В 2012 году я прилетел в Алматы, выставка у меня была. Выкроил несколько дней, поехал в колонию. Сказал начальнику, прошу разрешения на эксгумацию. Тут началась бюрократическая бестолковка, никто не решается дать разрешения! Поехал в Капчагай, к прокурору города. Он выслушал, вызвал заместителя и приказал организовать всё. Начало мая, как раз перед праздником Победы.

Приехали на кладбище. Вот оно меня ужаснуло. Представляешь, холмики и сваренные из арматуры пирамидки. С номерами. Всё! Ни имен, ни фамилий. Вот это и есть – лагерная пыль.

Только у моего отца нормальная могила. Памятник с фотографией, оградка.

Тут вдруг ментовская тачка подруливает, в ней два участковых. Они даже не вышли. Не потому, что гордые, просто не смогли. У них галстуки параллельно земле лежали на животах. И морды – хоть прикуривай. Я подошел, а они мне – может, бензин оплатишь, земляк? Эх, думаю…

Копали нанятые бичи. Грунт легкий, сыпучий. Они уже глубоко забурились, кричат со дна: тут нет ничего! Оказывается, мама похоронила его в гробу, но все же по-мусульмански, в боковой нише, закрытой досками. Нашли, подняли, сняли крышку гроба.

– Ты все это наблюдал?

– Володя, не просто наблюдал. Своими руками очистил скелет от земли.

И увидел в затылочной части черепа отверстие. Его убили, теперь не было сомнений.

И еще, знаешь, носки на нем были синтетические, сохранились. Я их стянул, а оттуда выпали фаланги пальцев. И я узнал ногти папы. Я их ему подстригал, когда был мальчишкой.

– Господи, Булат, да как у тебя сердце выдержало…

– Выдержало. Сложил останки в большую сумку, увез на поезде в Кокчетав. Там и похоронил. В родной земле. Так надо. Так у нас, у казахов, принято. Ничего особенного. Долг свой выполнил. Я тоже, если доживу до старости, помирать уеду на родину.

– Давай, Булат, сделаем перекур.

– Кури! А мне нельзя. Меня тут снова чинили недавно. Шунтирование или как там это называется. Представляешь, доктор, который оперировал, вдруг спрашивает меня по-русски: ты из Кокчетава?

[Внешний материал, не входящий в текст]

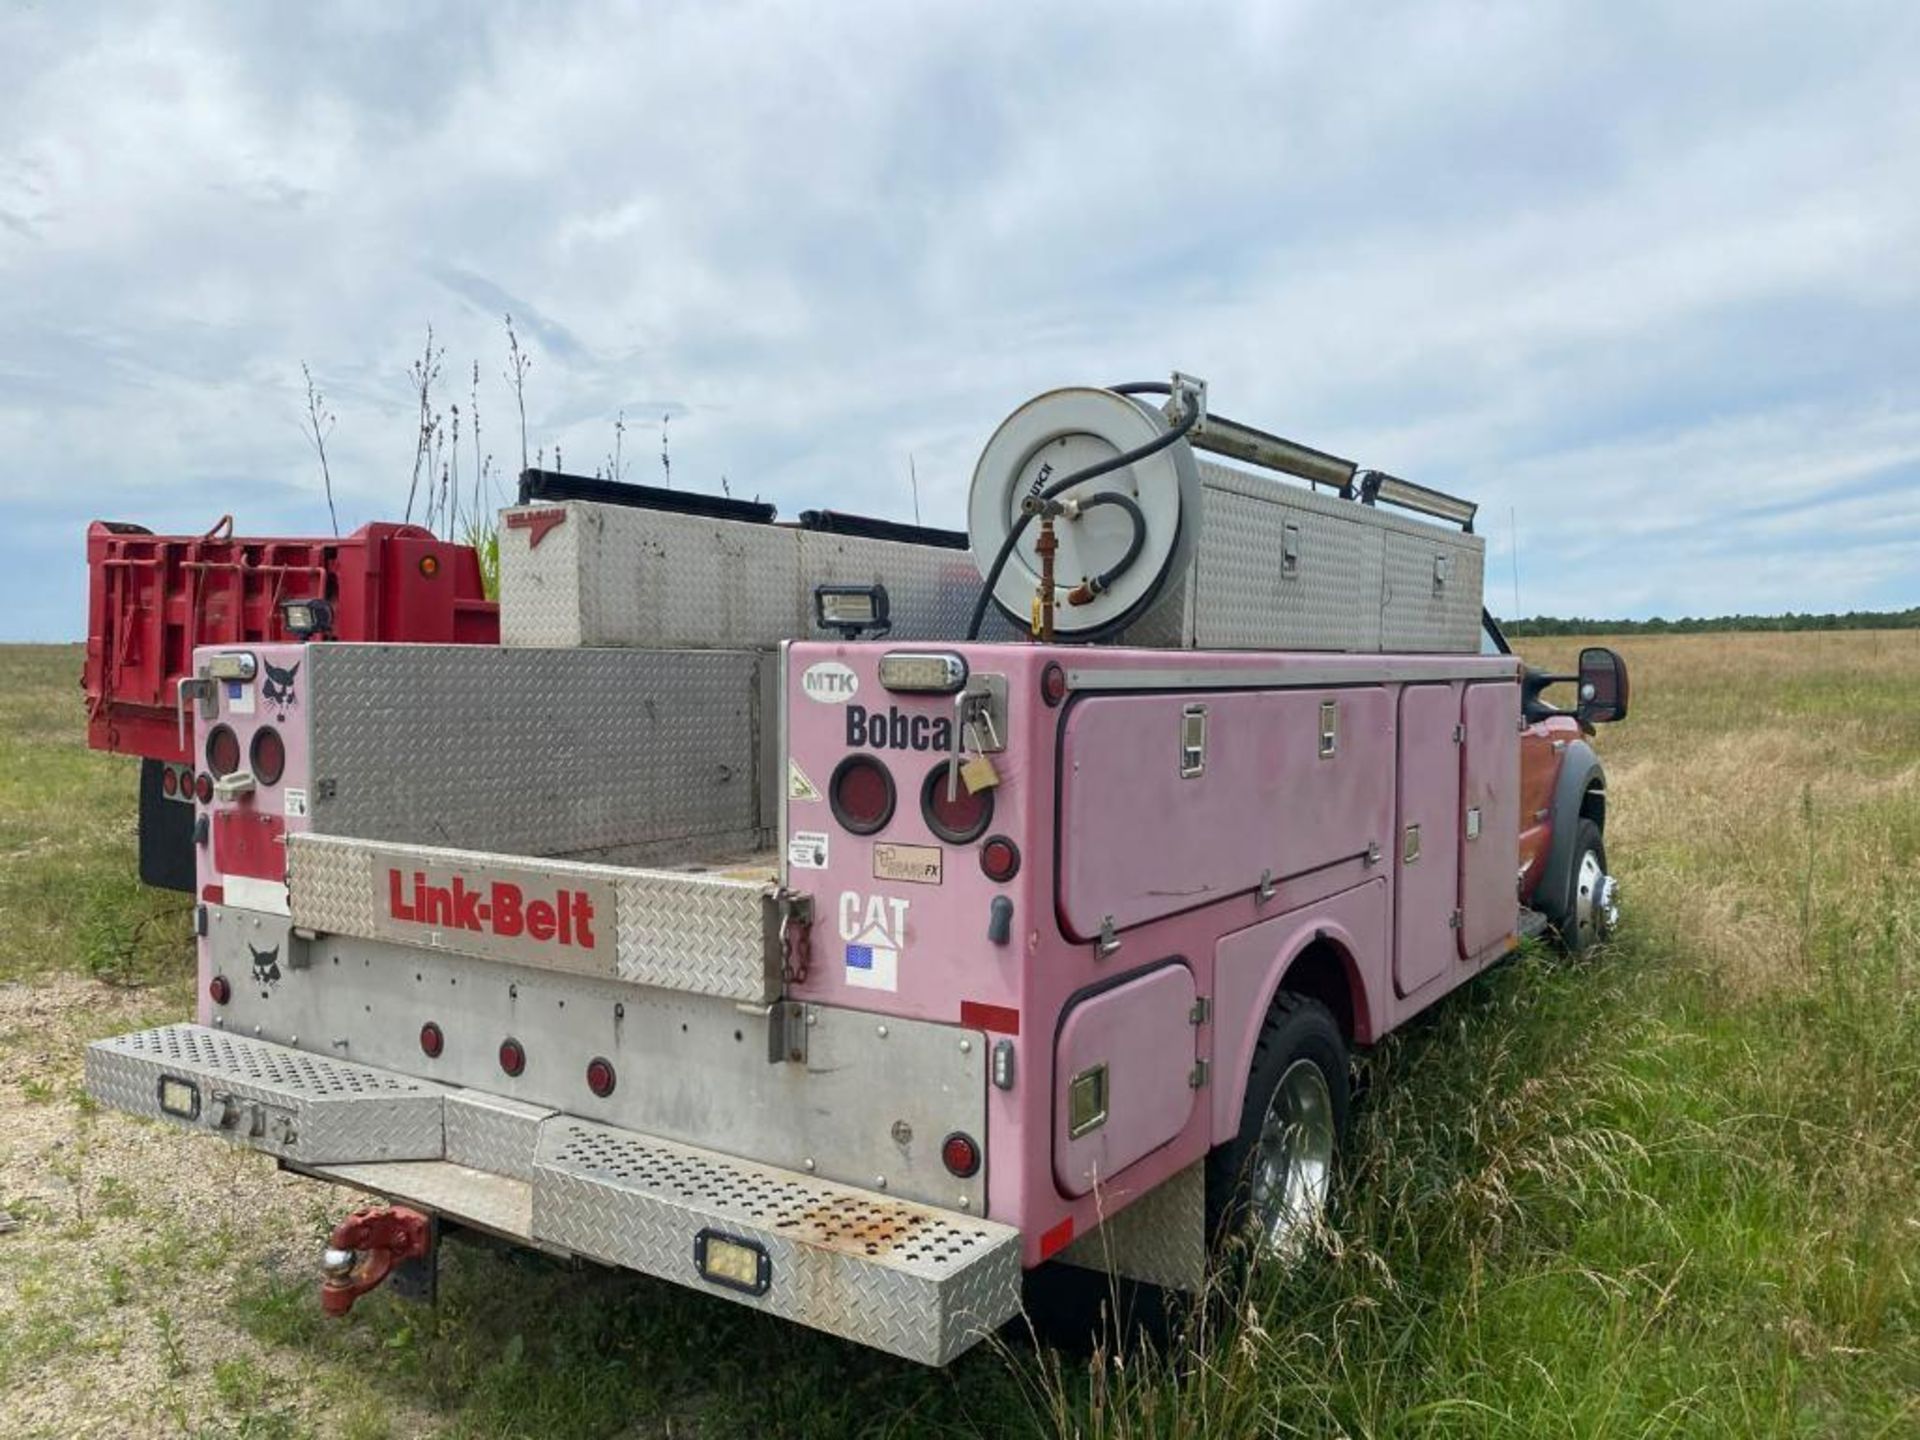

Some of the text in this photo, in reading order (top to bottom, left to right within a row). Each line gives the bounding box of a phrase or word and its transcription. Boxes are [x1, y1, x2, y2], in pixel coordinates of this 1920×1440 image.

– Наш, что ли, переселенец?

– Нет! Немец, местный, настоящий!

– Из ГДР?

– Ну! Учился в России, а у нас был то ли на практике, то ли в стройотряде! Земляк!

4

Я смотрю на него и ничего не могу понять. Ему пятьдесят четвертый год. Строго говоря и медицински выражаясь, он – сердечник. Но где обычная в таких случаях осторожность, пригашенность и приглушенность, где неизбывный страх, тускло мерцающий в глубине зрачков? Где отечность, пастозность, одышка? И следов этого нет.

Я вижу крепкого, стройного парня без признаков лишнего веса, с молодежной прической, когда пробор посередине головы разваливает шевелюру на два крыла. Ну, может быть, они чуть посеребрены годами, что лишь придает облику дополнительного шарма.

Он импульсивен, темперамент имеет вулканический и, что самое непостижимое, выговор у него какой-то кавказский. И жесты, и мимика тоже.

Его любимое слово – “бомба”. Оно выражает высшую степень восторга.

Я слушаю его, почти не перебивая. Не хочу ничего выкраивать и сокращать. Бомба есть бомба. Поэтому перерыв. До следующей недели.

Еще никогда не делал интервью с продолжением.